Mon. Dec 23rd, 2024
Alibaba Upgrades Ai Model Tongyi Qianwen, Releases Industry Specific Models

The Alibaba Cloud logo is displayed near the screen displaying the Tongyi Qianwen AI chatbot website. This illustrated photo was taken of him on June 28, 2023.Reuters/Florence Law/Illustration/File photo Obtaining license rights

HONG KONG, Oct 31 (Reuters) – Chinese technology giant Alibaba (9988.HK) on Tuesday updated its artificial intelligence (AI) model Tongyi Qianwen with industry-specific announced the release of an AI model suite. companies.

Alibaba’s cloud computing arm said at its annual conference in Hangzhou that Tongyi Qianwen 2.0 has “hundreds of billions” of parameters (a benchmark used to measure the ability of AI models) and that it ranks among the world’s best in its metrics. He said it has become one of the most powerful AI models.

The company also announced eight AI models for the entertainment, finance, healthcare, and legal industries.

The upgrade comes just six months after the model’s initial release and reflects the pace at which tech companies are racing to control China’s nascent and rapidly expanding AI market.

Rival Tencent (0700.HK) said last month that China was in the midst of a “100 model war”, with more than 130 models flooding the market. Tencent said the company’s Hunyuan AI has over 100 billion parameters and outperforms OpenAI’s GPT-4 model in processing Chinese.

OpenAI’s GPT-3 AI model, backed by Microsoft (MSFT.O), will contain 175 billion parameters in 2020, and Meta Platform’s (META.O) Llama 2 model will contain 70 billion parameters in 2023. It contained parameters.

Alibaba’s industry-specific model went online on Tuesday, offering specialized tools for creating images, writing computer code, analyzing financial data and searching legal documents.

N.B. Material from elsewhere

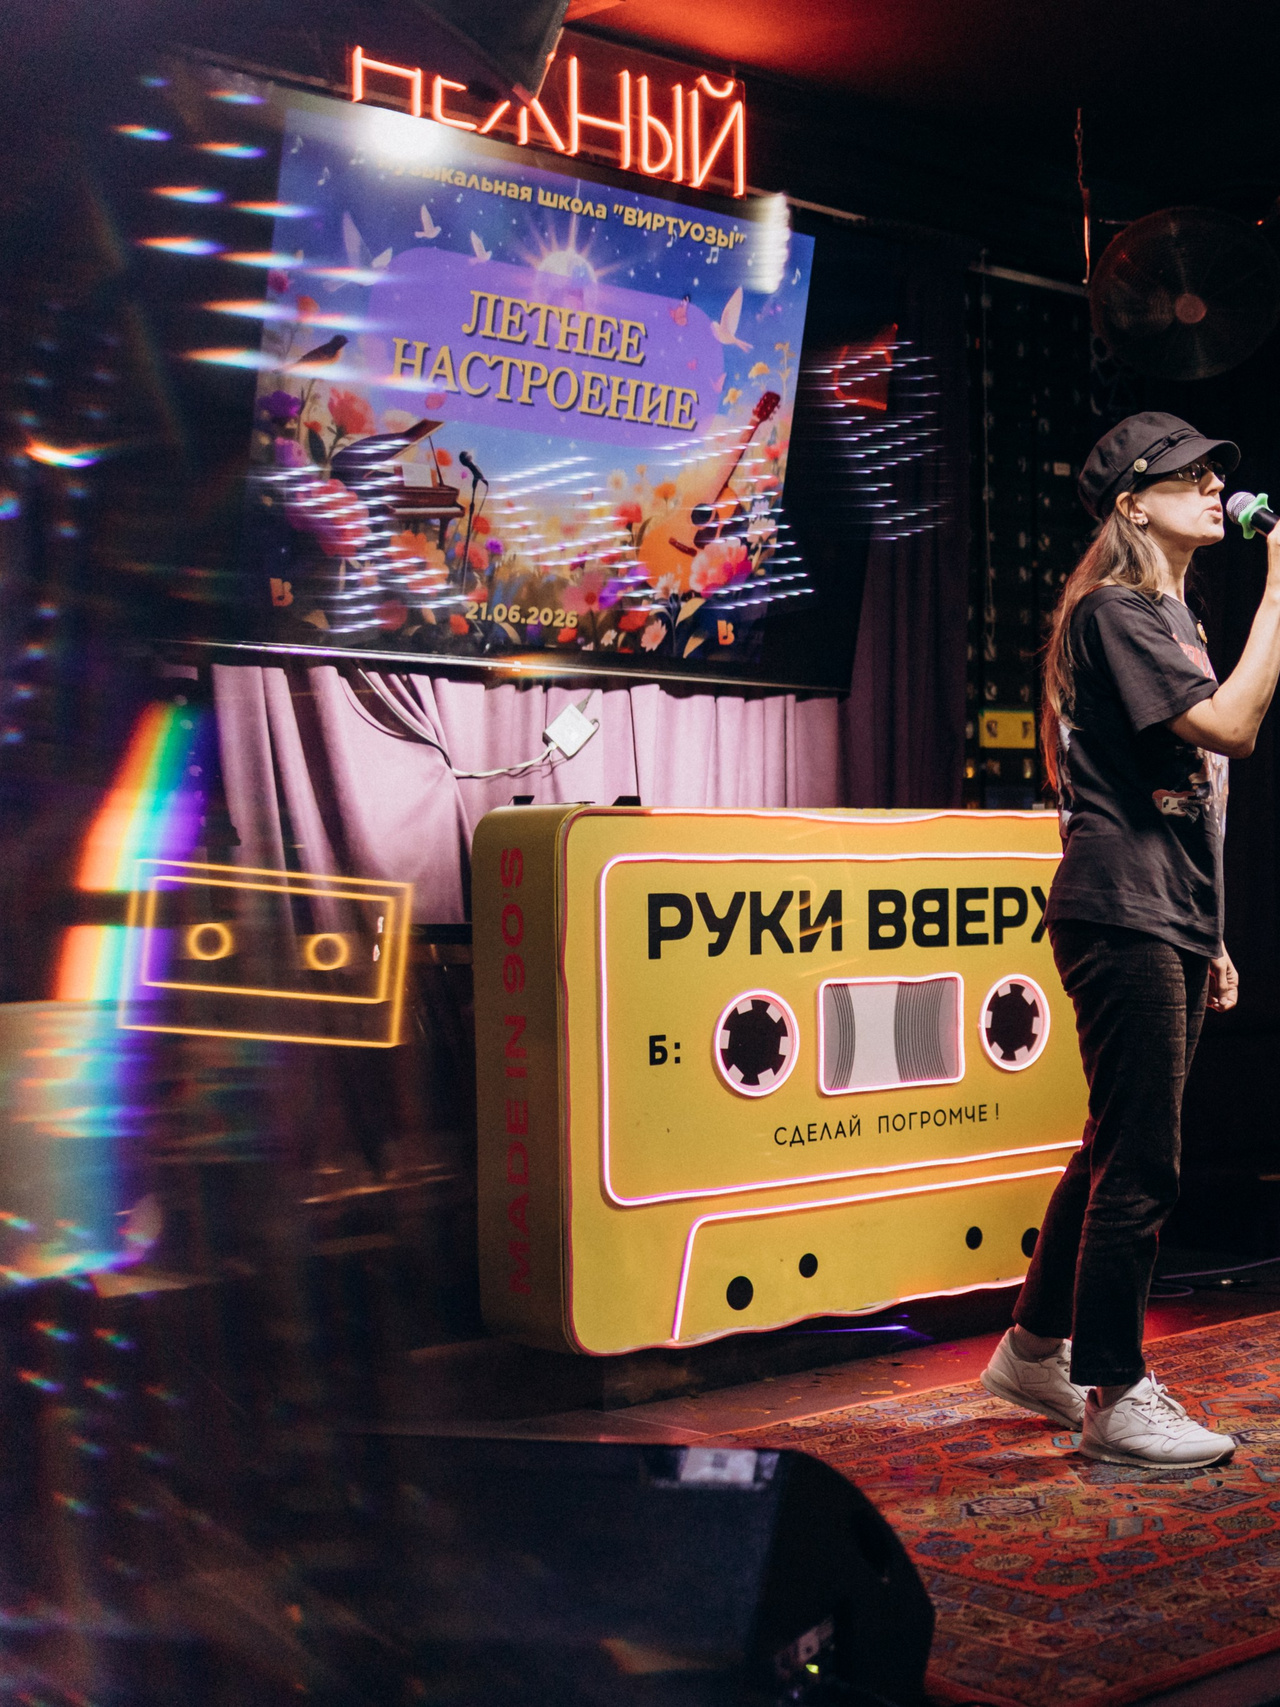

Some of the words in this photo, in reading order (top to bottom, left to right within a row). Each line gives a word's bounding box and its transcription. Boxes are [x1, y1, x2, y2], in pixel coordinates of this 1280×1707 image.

Chairman Joe Tsai also said at the conference that about half of China’s large-scale language AI models are currently running on Alibaba Cloud.

He said Alibaba’s AI model sharing platform ModelScope currently has 2,300 models and 2.7 million developers contributing.

Reporting by Josh Ye and Brenda Goh.Editing: Jacqueline Wong and Christopher Cushing

Our standards: Thomson Reuters Trust Principles.